But, most importantly, it was a chance to finally get answers to the questions that had haunted me since the day he disappeared from my life.

Chapter Two

We passed Central Park on our way to Sistina, an upscale Italian restaurant. I could tell he was keeping a leisurely pace for my benefit, letting me soak in the sights and sounds and smells of the city. It’d been years since I lived close enough for regular trips into Manhattan, and I missed it, everything about it. The rush and the hum and the heft of it.
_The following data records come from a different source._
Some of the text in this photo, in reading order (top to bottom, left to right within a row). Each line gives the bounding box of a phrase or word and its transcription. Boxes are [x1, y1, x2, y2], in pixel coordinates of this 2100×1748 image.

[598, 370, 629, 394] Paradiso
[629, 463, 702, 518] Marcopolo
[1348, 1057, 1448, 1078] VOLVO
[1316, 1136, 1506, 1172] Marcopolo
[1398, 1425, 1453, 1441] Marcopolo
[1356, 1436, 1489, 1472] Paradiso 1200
The host at Sistina recognized my father and seated us at once. I hadn’t eaten much besides a granola bar and a handful of Skittles on the bus that morning. I ate four pieces of bread and was still ravenous by the time our entrées arrived.
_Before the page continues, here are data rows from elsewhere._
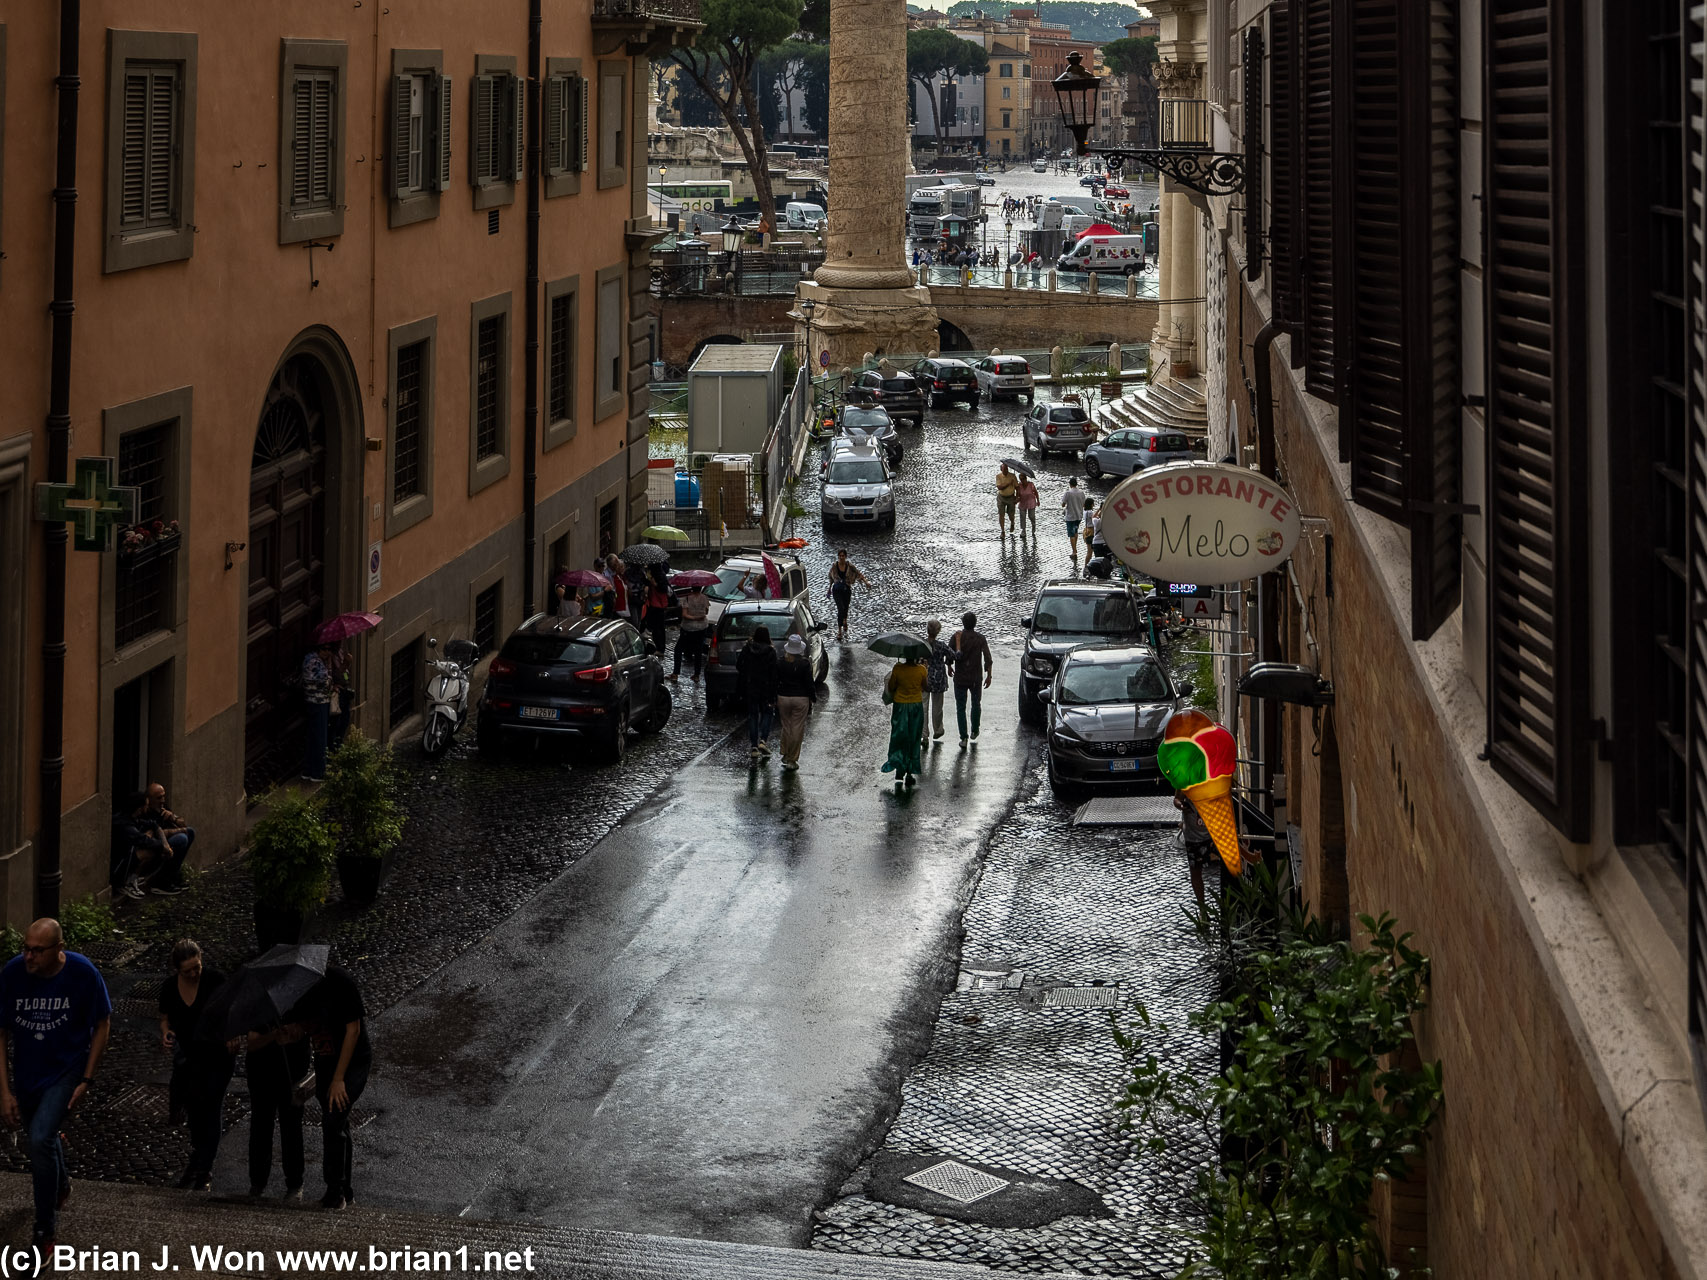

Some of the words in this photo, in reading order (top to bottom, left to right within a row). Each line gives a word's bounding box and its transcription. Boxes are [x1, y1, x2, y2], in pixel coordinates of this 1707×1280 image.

[682, 200, 712, 212] ado
[1113, 475, 1291, 522] RISTORANTE
[1157, 514, 1249, 562] Melo
[1169, 583, 1197, 593] SHOP
[1194, 600, 1208, 614] A
[15, 996, 70, 1010] FLORIDA
[15, 1013, 68, 1031] UNIVERSITY
We talked about his works-in-progress, my senior year and graduation. I wanted to ask why he hadn’t so much as sent a congratulatory card, but again, I decided not to push for answers—though I hoped he would offer them of his own accord. Whether it was resentment or elusiveness that made him seem so alluring, all I knew was that being around him made me feel needy in a way I’d never felt before.

I was still picking at the last of my gnocchi when he pushed his plate away and asked, “How’s your mom doing?”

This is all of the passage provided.